Your objective:
Only the text belongs in the copy: repeat each record exactly, without pictures.

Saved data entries

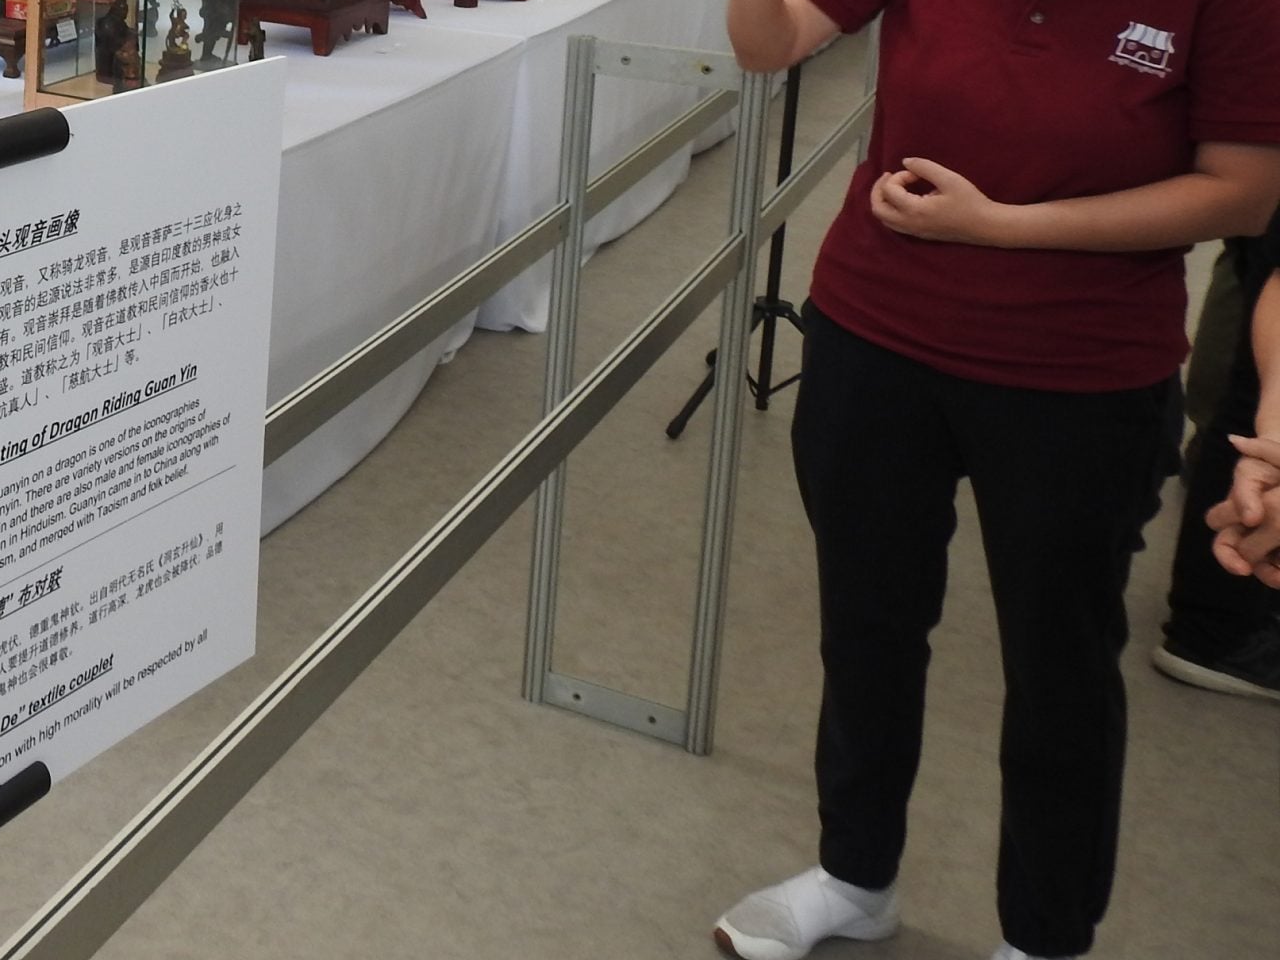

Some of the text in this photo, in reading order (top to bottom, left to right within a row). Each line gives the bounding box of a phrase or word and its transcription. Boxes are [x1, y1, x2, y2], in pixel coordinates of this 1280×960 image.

[28, 424, 49, 449] of
[45, 407, 99, 442] Dragon
[101, 388, 143, 417] Riding
[142, 373, 177, 399] Guan
[179, 363, 198, 383] Yin
[31, 469, 44, 483] on
[46, 466, 53, 477] a
[54, 450, 87, 473] dragon
[88, 445, 97, 457] is
[98, 437, 116, 452] one
[117, 428, 127, 443] of
[128, 425, 142, 439] the
[143, 398, 200, 432] iconographies
[18, 538, 38, 559] and
[39, 519, 75, 549] merged
[76, 511, 95, 529] with
[96, 496, 129, 519] Taoism
[130, 483, 147, 502] and
[148, 477, 163, 494] folk
[164, 463, 189, 485] belief.
[17, 565, 64, 606] 布对联
[14, 735, 36, 758] with
[38, 720, 61, 743] high
[63, 695, 103, 727] morality
[104, 681, 121, 701] will
[123, 675, 135, 690] be
[137, 643, 183, 682] respected
[184, 638, 196, 653] by
[197, 628, 208, 645] all
[28, 684, 66, 716] textile
[69, 652, 114, 691] couplet
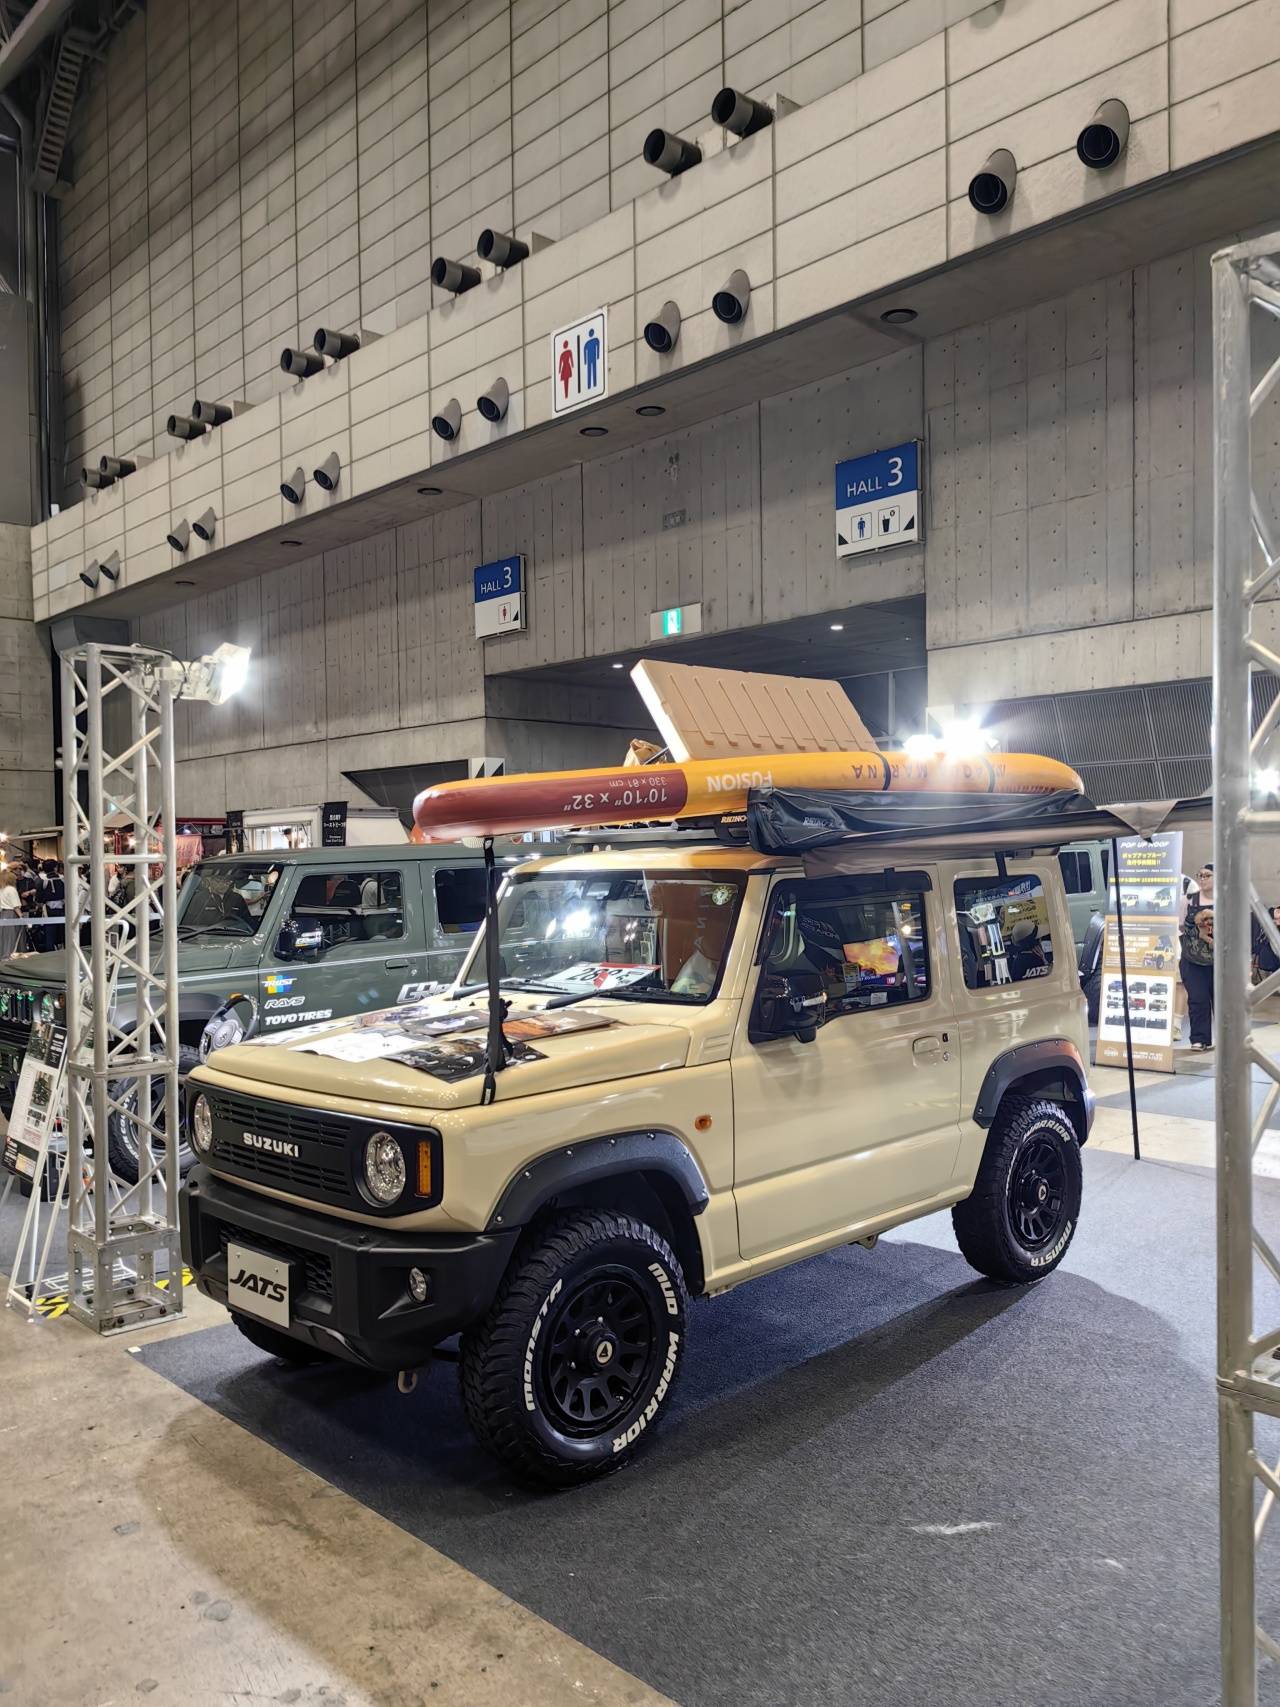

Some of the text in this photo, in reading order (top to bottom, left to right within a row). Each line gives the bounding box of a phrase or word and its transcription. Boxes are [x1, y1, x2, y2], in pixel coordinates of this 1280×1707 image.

[847, 457, 903, 498] HALL 3
[480, 566, 512, 595] HALL 3
[609, 779, 624, 787] cm
[627, 778, 640, 788] 81
[649, 776, 668, 787] 330
[706, 770, 773, 793] FUSION
[851, 764, 928, 779] MARNA
[1022, 966, 1048, 978] JATS
[264, 996, 305, 1009] RAYS
[265, 1009, 333, 1026] TOYO TIRES
[243, 1132, 299, 1158] SUZUKI
[1030, 1220, 1072, 1266] MONSTA
[230, 1269, 288, 1303] JATS
[523, 1278, 563, 1411] MONSTA
[612, 1262, 679, 1453] MUD WARRIOR

Task solution:
Some of the text in this photo, in reading order (top to bottom, left to right within a row). Each line gives the bounding box of a phrase or word and its transcription. Boxes are [x1, y1, x2, y2], in pixel coordinates of this 1280×960 image.

[28, 424, 49, 449] of
[45, 407, 99, 442] Dragon
[101, 388, 143, 417] Riding
[142, 373, 177, 399] Guan
[179, 363, 198, 383] Yin
[31, 469, 44, 483] on
[46, 466, 53, 477] a
[54, 450, 87, 473] dragon
[88, 445, 97, 457] is
[98, 437, 116, 452] one
[117, 428, 127, 443] of
[128, 425, 142, 439] the
[143, 398, 200, 432] iconographies
[18, 538, 38, 559] and
[39, 519, 75, 549] merged
[76, 511, 95, 529] with
[96, 496, 129, 519] Taoism
[130, 483, 147, 502] and
[148, 477, 163, 494] folk
[164, 463, 189, 485] belief.
[17, 565, 64, 606] 布对联
[14, 735, 36, 758] with
[38, 720, 61, 743] high
[63, 695, 103, 727] morality
[104, 681, 121, 701] will
[123, 675, 135, 690] be
[137, 643, 183, 682] respected
[184, 638, 196, 653] by
[197, 628, 208, 645] all
[28, 684, 66, 716] textile
[69, 652, 114, 691] couplet

Some of the text in this photo, in reading order (top to bottom, left to right within a row). Each line gives the bounding box of a phrase or word and its transcription. Boxes are [x1, y1, x2, y2], in pixel coordinates of this 1280×1707 image.

[847, 457, 903, 498] HALL 3
[480, 566, 512, 595] HALL 3
[609, 779, 624, 787] cm
[627, 778, 640, 788] 81
[649, 776, 668, 787] 330
[706, 770, 773, 793] FUSION
[851, 764, 928, 779] MARNA
[1022, 966, 1048, 978] JATS
[264, 996, 305, 1009] RAYS
[265, 1009, 333, 1026] TOYO TIRES
[243, 1132, 299, 1158] SUZUKI
[1030, 1220, 1072, 1266] MONSTA
[230, 1269, 288, 1303] JATS
[523, 1278, 563, 1411] MONSTA
[612, 1262, 679, 1453] MUD WARRIOR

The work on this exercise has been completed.